What are the NAND flash memory types and where do they work best?

Single-level cell

Single-level cell (SLC) NAND, as the name indicates, stores one bit in each cell. There are two states SLC NAND can be in: programmed (0) or erased (1), which depends on the level of charge that is applied to the cell. Because the number of potential states is limited to two, determining the state of a cell is a quick process.

SLC NAND is the simplest of the NAND flash memory types and has a very low chance of error. SLC NAND memory cells can take about 100,000 write operations before failure, giving them the highest endurance of the NAND types. However, it is also the most expensive option; it's more than twice the price of multi-level cell NAND. Because of the high price, performance and reliability of SLC, it is most often used in commercial and industry applications.

Multi-level cell

Perhaps the most cryptically named of the bunch, multi-level cell (MLC) NAND stores two bits per cell. This means that there are four possible states (00, 01, 10, 11,) as opposed to SLC's two. Serving as a midpoint between single- and triple-level cells, MLC has a higher bit rate than SLC, which lowers the number of write-cycles it can sustain and increases the chance of error. MLC NAND can take about 10,000 write-cycles per cell.

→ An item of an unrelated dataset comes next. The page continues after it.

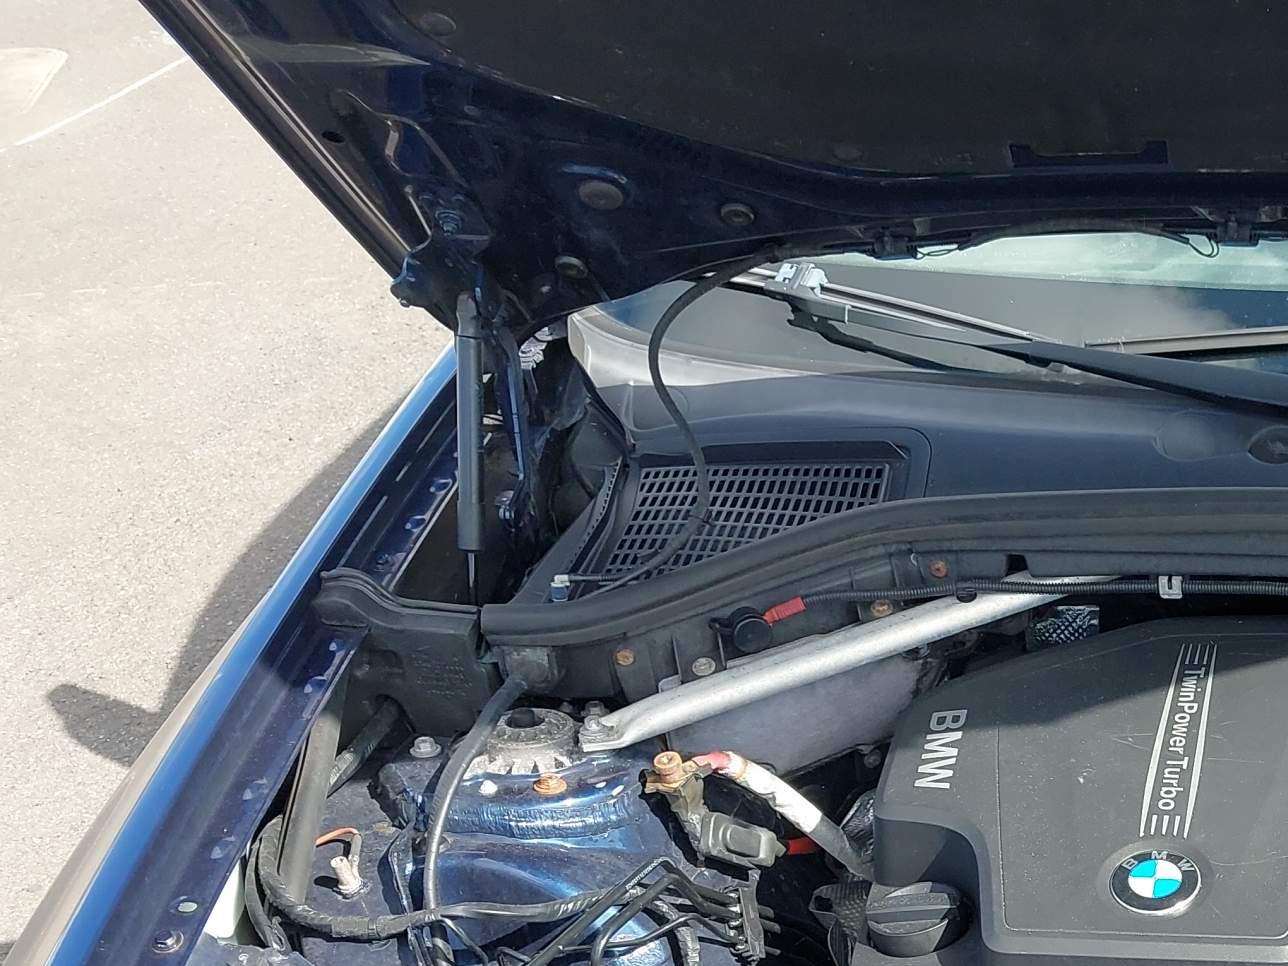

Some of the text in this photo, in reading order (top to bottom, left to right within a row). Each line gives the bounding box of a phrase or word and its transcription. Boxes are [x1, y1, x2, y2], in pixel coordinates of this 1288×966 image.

[914, 709, 968, 789] BMW
[1158, 667, 1206, 810] TwinPower Turbo
[1120, 850, 1195, 871] BMW

As mentioned previously, however, MLC NAND is significantly less expensive than SLC and is the right choice for many use cases. Manufacturers of consumer-based electronic devices, such as PCs, are partial to MLC NAND thanks to its lower price tag.

However, MLC NAND is not limited to consumer-grade flash. Enterprise MLC (eMLC) is an enhanced type of MLC NAND that accommodates more write-cycles than the consumer variety. EMLC NAND can handle 20,000-30,000 write-cycles, making it better suited to more demanding use cases while avoiding steep SLC costs.

Triple-level cell

Boasting three bits per memory cell, triple-level cell (TLC) NAND is another type of NAND flash memory suited to consumer-level products. Also referred to as MLC-3, 3-bit MLC and X3, TLC NAND comes with a lower price tag than both SLC and MLC NAND. There are eight possible states for TLC NAND: 000, 001, 010, 011, 100, 101, 110 and 111.

TLC has a higher storage density than SLC and MLC and a lower cost per bit. However, these come at a cost; TLC NAND has lower performance, longevity and reliability. TLC NAND benefits from the addition of 3D NAND, expanding its potential enterprise use cases.

Quad-level cell

Quad-level cell (QLC) NAND stores four bits in each memory cell. Continuing with the previous trend, QLC NAND is cheaper than the above options, but has lower endurance for writes. QLC was developed for the additional storage capacity it provides SSDs and is capable of faster reads than other types of NAND flash.

QLC NAND is suited particularly to read-intensive applications and is used for applications supporting AI, machine learning and deep learning, where data is typically written once. It is not suited to write-intensive workloads, supporting around 100 write cycles. As with other NAND flash memory types, the addition of 3D NAND can boost the number of write cycles QLC NAND can endure. However, with QLC, this change only increases the number of write cycles to about 1,000.

3D NAND

While 2D or planar NAND has one layer of memory cells, 3D NAND stacks cells vertically in multiple layers. 3D NAND SSDs are available using MLC, TLC and QLC NAND technology, but not SLC NAND. With 3D NAND architecture, an SSD has much higher density than with planar NAND, in a smaller physical space. Higher density means that 3D NAND SSDs are lower in cost per gigabyte, require less power consumption and have a higher write performance.

However, there are some disadvantages to using 3D NAND instead of 2D. The cost of manufacturing 3D NAND is higher at the outset, requiring additional steps not necessary in the production of 2D NAND SSDs. 3D NAND can be used in all the same scenarios as planar NAND, but its use will depend on the organization's requirements and budget constraints.